Thank you for working on this.

On Thu, 12 Apr 2018, Harald Nordgren wrote:

> When ran with '--merges-only', git bisect will only look at merge
> commits -- commits with 2 or more parents or the initial commit.

This is an excellent idea!

>     Proof of concept of a feature that I have wanted in Git for a while.
>     In my daily work my company uses GitHub, which creates lots of merge
>     commits. In general, tests are only ran on the tip of a branch
>     before merging, so the different commits within a merge commit are
>     allowed not to be buildable. Therefore 'git bisect' often doesn't
>     work since it will give lots of false positives for anything that is
>     not a merge commit. If we could have a feature to only bisect merge
>     commits then it would be easier to pinpoint which merge causes any
>     particular issue. After that, a bisect could be done within the
>     merge to pinpoint futher. As a follow-up to this patch -- we could
>     potentially create a feature that automatically continues into
>     regular bisect within the bad merge commit after completed
>     '--merges-only' bisection.

It also helps when bisecting breakages in `pu` (mainly because the
branches in `pu` use branch points that are often insanely far in the
past).

> diff --git a/bisect.c b/bisect.c
> index a579b5088..e8a2f77c7 100644
> --- a/bisect.c
> +++ b/bisect.c
> @@ -254,7 +254,7 @@ static struct commit_list *best_bisection_sorted(struct commit_list *list, int n
>   */
>  static struct commit_list *do_find_bisection(struct commit_list *list,
>  					     int nr, int *weights,
> -					     int find_all)
> +					     int find_all, int only_merge_commits)
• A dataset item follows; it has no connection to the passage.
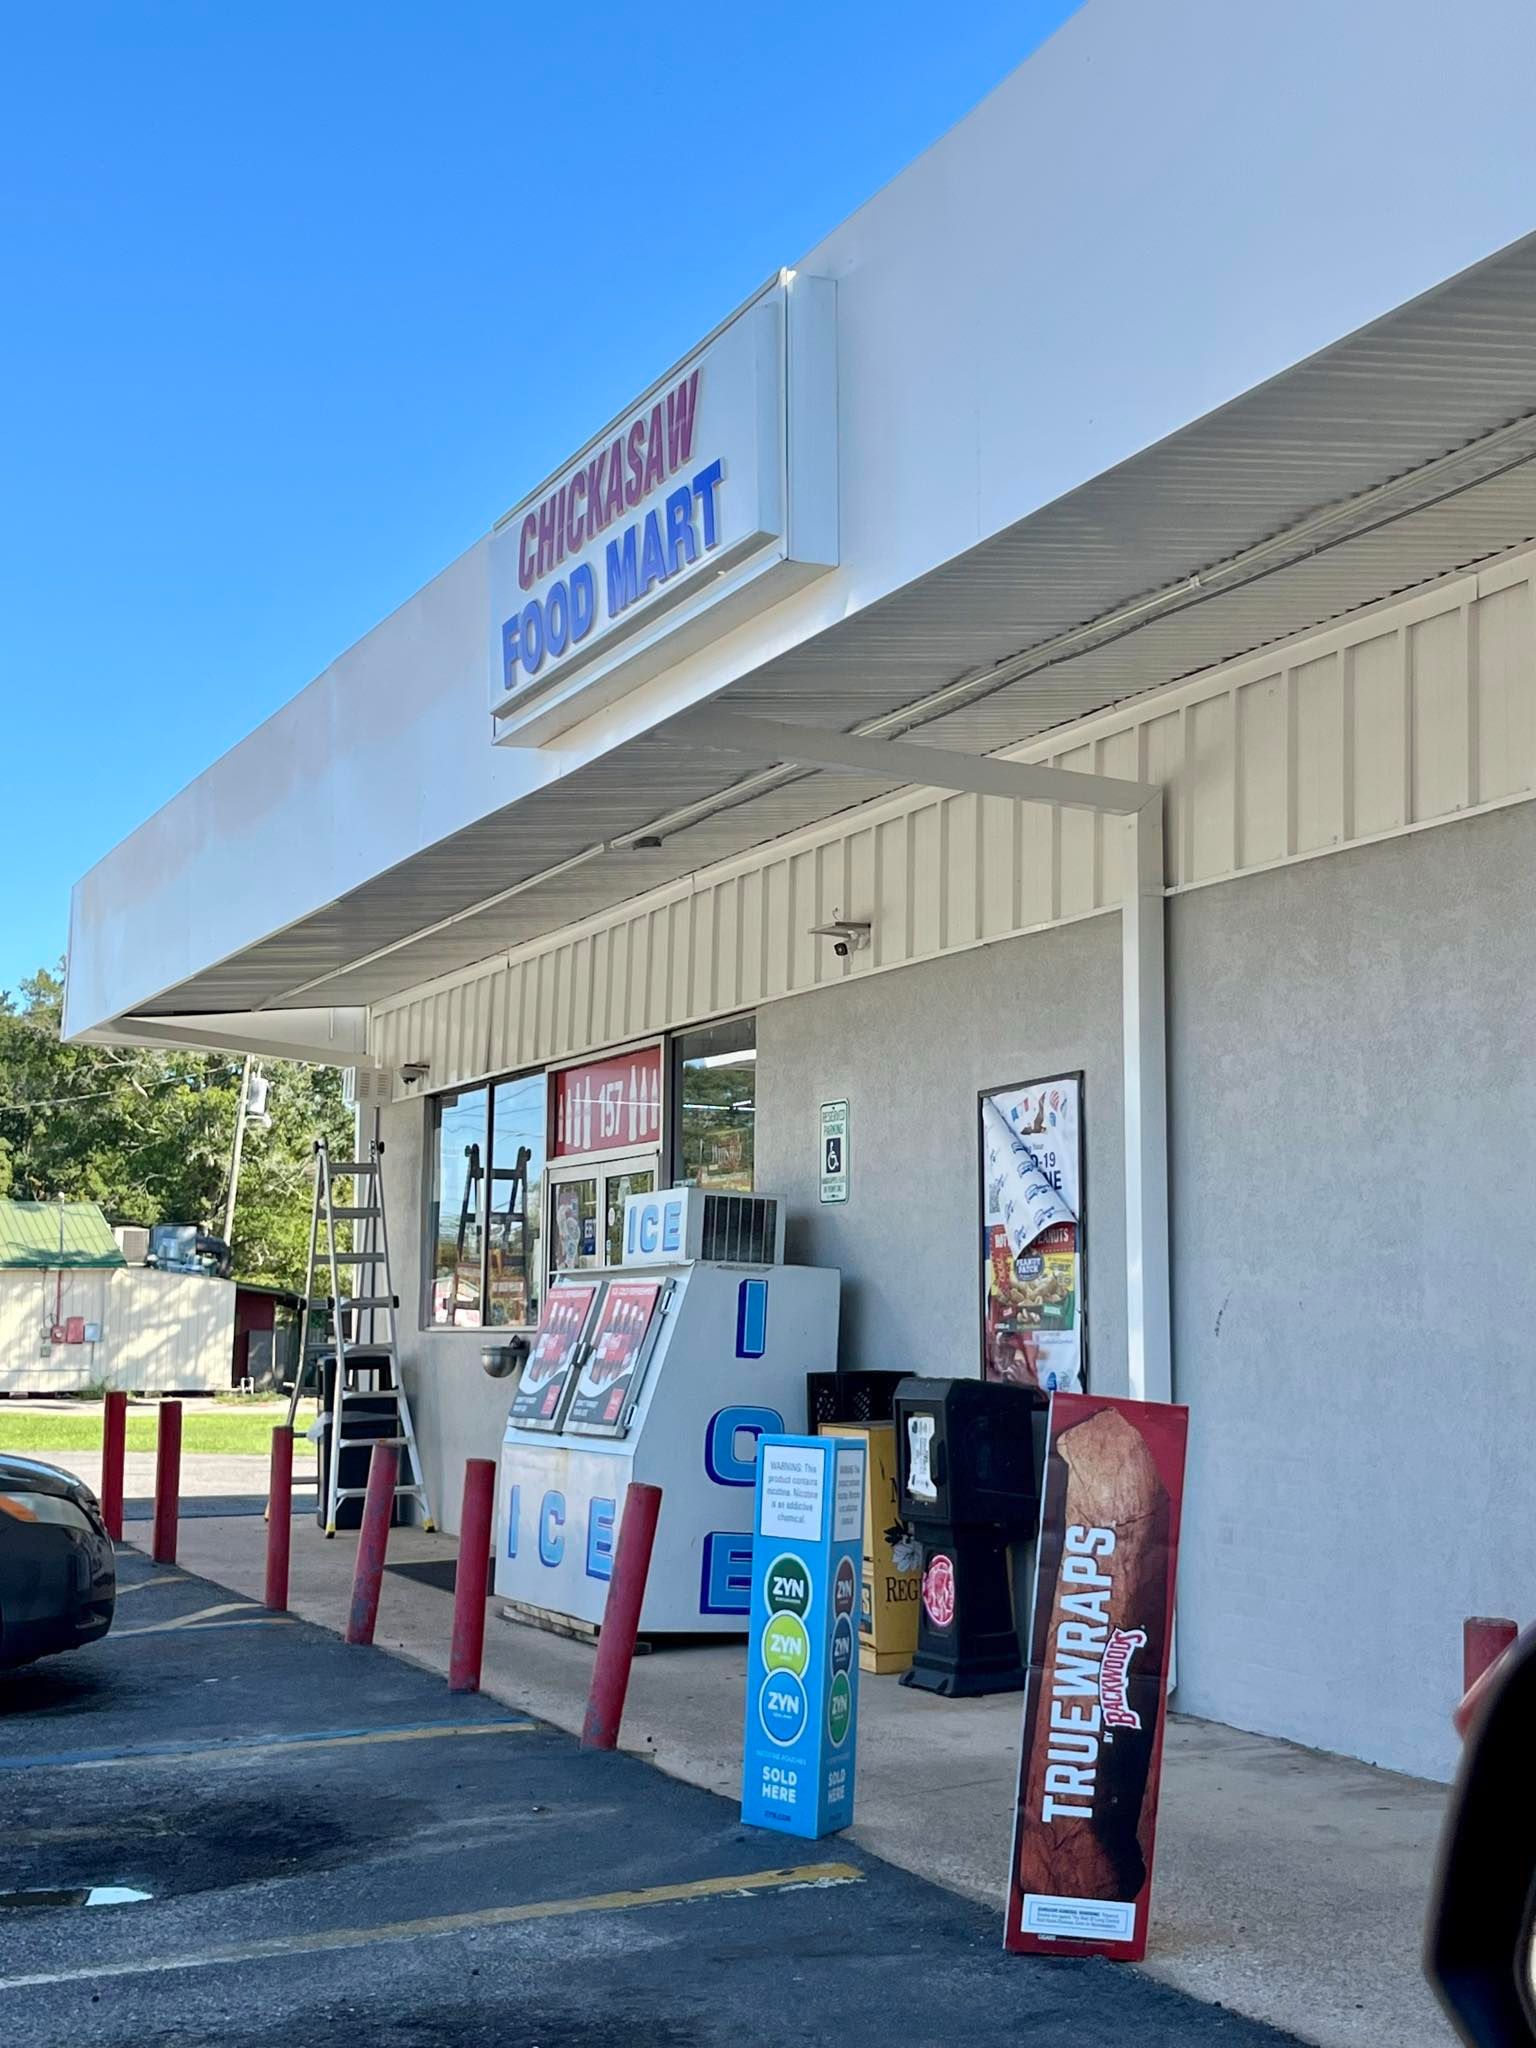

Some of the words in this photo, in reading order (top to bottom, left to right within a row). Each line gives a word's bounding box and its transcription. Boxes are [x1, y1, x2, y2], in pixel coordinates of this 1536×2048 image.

How about `int flags`, and defining FIND_ALL and ONLY_MERGE_COMMITS?

That way, it will be easy to add ONLY_FIRST_PARENTS without changing the
signature of do_find_bisection().

Ideally, a preparatory commit would change find_all -> flags (adding
FIND_ALL), and the second commit would then add support for
ONLY_MERGE_COMMITS.

> @@ -266,6 +266,13 @@ static struct commit_list *do_find_bisection(struct commit_list *list,
>  		unsigned flags = commit->object.flags;
>  
>  		p->item->util = &weights[n++];
> +
> +		if (only_merge_commits) {
> +			weight_set(p, -2);
> +			counted++;
> +			continue;
> +		}
> +

This hunk is a little hard to understand when you come from elsewhere, as
I do. Could you maybe explain a little bit what the `weight_set(p, -2)`
does? This is probably good material for enhancing the commit message
(seeing as we understand the commit message to be kind of the "convince me
that this is a good change, and explain things that are not immediately
obvious from the diff" document).

Maybe it would be enough to describe the role of the weight, and what the
typical values look like.

> @@ -305,11 +312,17 @@ static struct commit_list *do_find_bisection(struct commit_list *list,
>  	 * way, and then fill the blanks using cheaper algorithm.
>  	 */
>  	for (p = list; p; p = p->next) {
> +		int distance;
>  		if (p->item->object.flags & UNINTERESTING)
>  			continue;
>  		if (weight(p) != -2)
>  			continue;
> -		weight_set(p, count_distance(p));
> +
> +		if (only_merge_commits)
> +			distance = count_distance(p) - 1;
> +		else
> +			distance = count_distance(p);
> +		weight_set(p, distance);

A shorter way:

		weight_set(p, count_distance(p) - !!only_merge_commits);

Could you add a code comment above this line to explain why this is
needed? (I have to admit that I have no clue what the weights or the
distances are in this context, but I think that a 3-line explanation could
probably give me enough of an idea that I do not have to study an hour or
three to learn enough to understand this change.)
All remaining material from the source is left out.